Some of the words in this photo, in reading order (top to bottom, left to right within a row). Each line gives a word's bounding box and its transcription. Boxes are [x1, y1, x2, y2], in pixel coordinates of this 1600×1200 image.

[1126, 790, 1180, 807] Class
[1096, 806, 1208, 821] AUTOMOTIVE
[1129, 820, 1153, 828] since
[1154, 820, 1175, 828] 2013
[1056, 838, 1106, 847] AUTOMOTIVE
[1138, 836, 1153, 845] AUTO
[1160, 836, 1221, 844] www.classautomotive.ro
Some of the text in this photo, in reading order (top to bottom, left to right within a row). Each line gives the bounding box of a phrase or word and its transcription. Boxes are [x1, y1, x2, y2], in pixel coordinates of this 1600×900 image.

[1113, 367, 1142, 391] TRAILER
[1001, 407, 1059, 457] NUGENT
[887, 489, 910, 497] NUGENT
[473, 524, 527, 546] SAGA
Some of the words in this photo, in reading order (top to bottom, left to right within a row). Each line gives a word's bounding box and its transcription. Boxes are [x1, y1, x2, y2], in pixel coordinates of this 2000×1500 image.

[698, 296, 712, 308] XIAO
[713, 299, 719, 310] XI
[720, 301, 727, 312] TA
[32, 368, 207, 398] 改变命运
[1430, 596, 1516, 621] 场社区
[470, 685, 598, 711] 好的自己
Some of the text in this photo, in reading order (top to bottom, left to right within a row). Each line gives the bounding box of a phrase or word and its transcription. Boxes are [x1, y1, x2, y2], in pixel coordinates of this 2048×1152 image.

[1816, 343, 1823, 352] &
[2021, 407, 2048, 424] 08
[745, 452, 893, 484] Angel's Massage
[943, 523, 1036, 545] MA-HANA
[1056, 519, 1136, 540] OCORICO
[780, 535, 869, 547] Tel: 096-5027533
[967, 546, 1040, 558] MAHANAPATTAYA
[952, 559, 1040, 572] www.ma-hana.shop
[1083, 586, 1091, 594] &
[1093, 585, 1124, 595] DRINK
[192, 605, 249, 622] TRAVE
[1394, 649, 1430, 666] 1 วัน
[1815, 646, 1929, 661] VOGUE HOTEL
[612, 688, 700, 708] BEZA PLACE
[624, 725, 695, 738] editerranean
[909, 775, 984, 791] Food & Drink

┄┄┄┄┄┄

§ **Exercise description**
Reproduce every line above. Keep it exact.

§ **Answer space**
Some of the words in this photo, in reading order (top to bottom, left to right within a row). Each line gives a word's bounding box and its transcription. Boxes are [x1, y1, x2, y2], in pixel coordinates of this 1600×1200 image.

[1126, 790, 1180, 807] Class
[1096, 806, 1208, 821] AUTOMOTIVE
[1129, 820, 1153, 828] since
[1154, 820, 1175, 828] 2013
[1056, 838, 1106, 847] AUTOMOTIVE
[1138, 836, 1153, 845] AUTO
[1160, 836, 1221, 844] www.classautomotive.ro
Some of the text in this photo, in reading order (top to bottom, left to right within a row). Each line gives the bounding box of a phrase or word and its transcription. Boxes are [x1, y1, x2, y2], in pixel coordinates of this 1600×900 image.

[1113, 367, 1142, 391] TRAILER
[1001, 407, 1059, 457] NUGENT
[887, 489, 910, 497] NUGENT
[473, 524, 527, 546] SAGA
Some of the words in this photo, in reading order (top to bottom, left to right within a row). Each line gives a word's bounding box and its transcription. Boxes are [x1, y1, x2, y2], in pixel coordinates of this 2000×1500 image.

[698, 296, 712, 308] XIAO
[713, 299, 719, 310] XI
[720, 301, 727, 312] TA
[32, 368, 207, 398] 改变命运
[1430, 596, 1516, 621] 场社区
[470, 685, 598, 711] 好的自己
Some of the text in this photo, in reading order (top to bottom, left to right within a row). Each line gives the bounding box of a phrase or word and its transcription. Boxes are [x1, y1, x2, y2], in pixel coordinates of this 2048×1152 image.

[1816, 343, 1823, 352] &
[2021, 407, 2048, 424] 08
[745, 452, 893, 484] Angel's Massage
[943, 523, 1036, 545] MA-HANA
[1056, 519, 1136, 540] OCORICO
[780, 535, 869, 547] Tel: 096-5027533
[967, 546, 1040, 558] MAHANAPATTAYA
[952, 559, 1040, 572] www.ma-hana.shop
[1083, 586, 1091, 594] &
[1093, 585, 1124, 595] DRINK
[192, 605, 249, 622] TRAVE
[1394, 649, 1430, 666] 1 วัน
[1815, 646, 1929, 661] VOGUE HOTEL
[612, 688, 700, 708] BEZA PLACE
[624, 725, 695, 738] editerranean
[909, 775, 984, 791] Food & Drink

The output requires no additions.